— Task requirements —
A faithful copy of every entry is the goal; keep the images out of it.

Phrase grounding data

________________

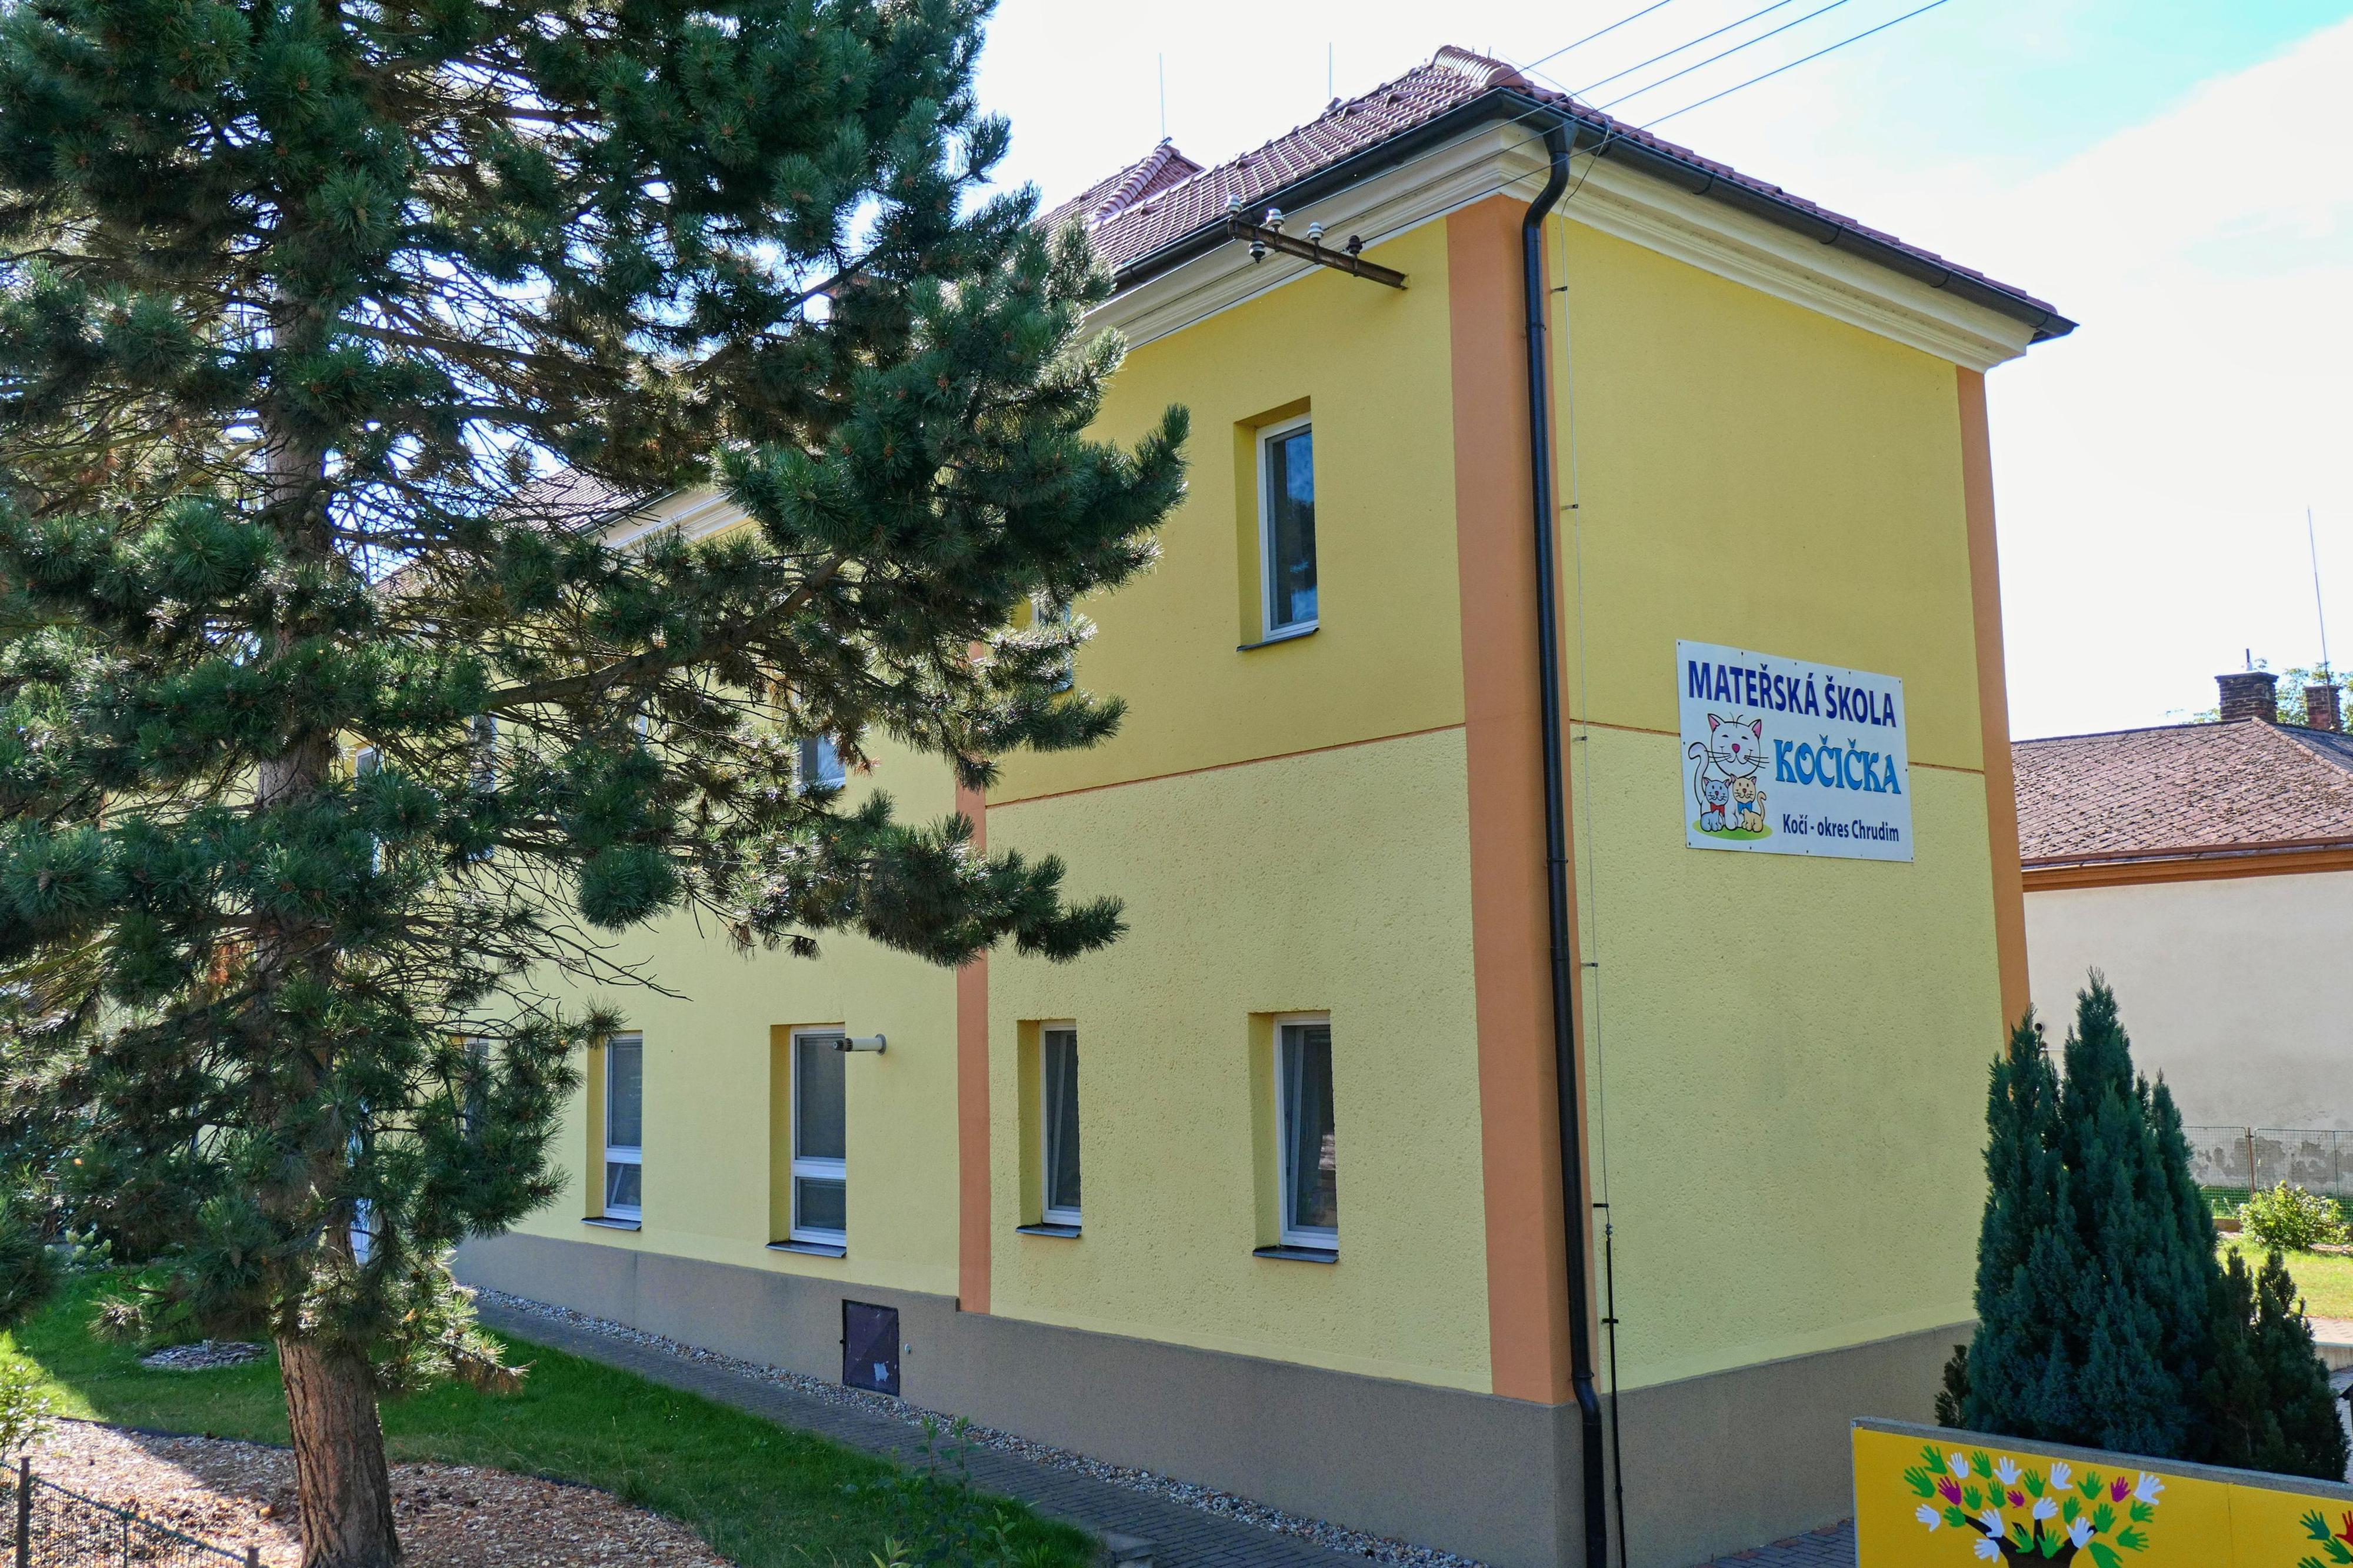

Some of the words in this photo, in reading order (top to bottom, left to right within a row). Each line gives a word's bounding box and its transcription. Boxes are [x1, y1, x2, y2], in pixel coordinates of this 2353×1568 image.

[1688, 660, 1819, 717] MATEŘSKÁ
[1825, 675, 1897, 728] ŠKOLA
[1773, 733, 1902, 795] KOČIČKA
[1782, 813, 1809, 835] Kočí
[1817, 818, 1849, 838] okres
[1852, 819, 1899, 842] Chrudim

________________

— Your solution —
Some of the words in this photo, in reading order (top to bottom, left to right within a row). Each line gives a word's bounding box and its transcription. Boxes are [x1, y1, x2, y2], in pixel coordinates of this 2353×1568 image.

[1688, 660, 1819, 717] MATEŘSKÁ
[1825, 675, 1897, 728] ŠKOLA
[1773, 733, 1902, 795] KOČIČKA
[1782, 813, 1809, 835] Kočí
[1817, 818, 1849, 838] okres
[1852, 819, 1899, 842] Chrudim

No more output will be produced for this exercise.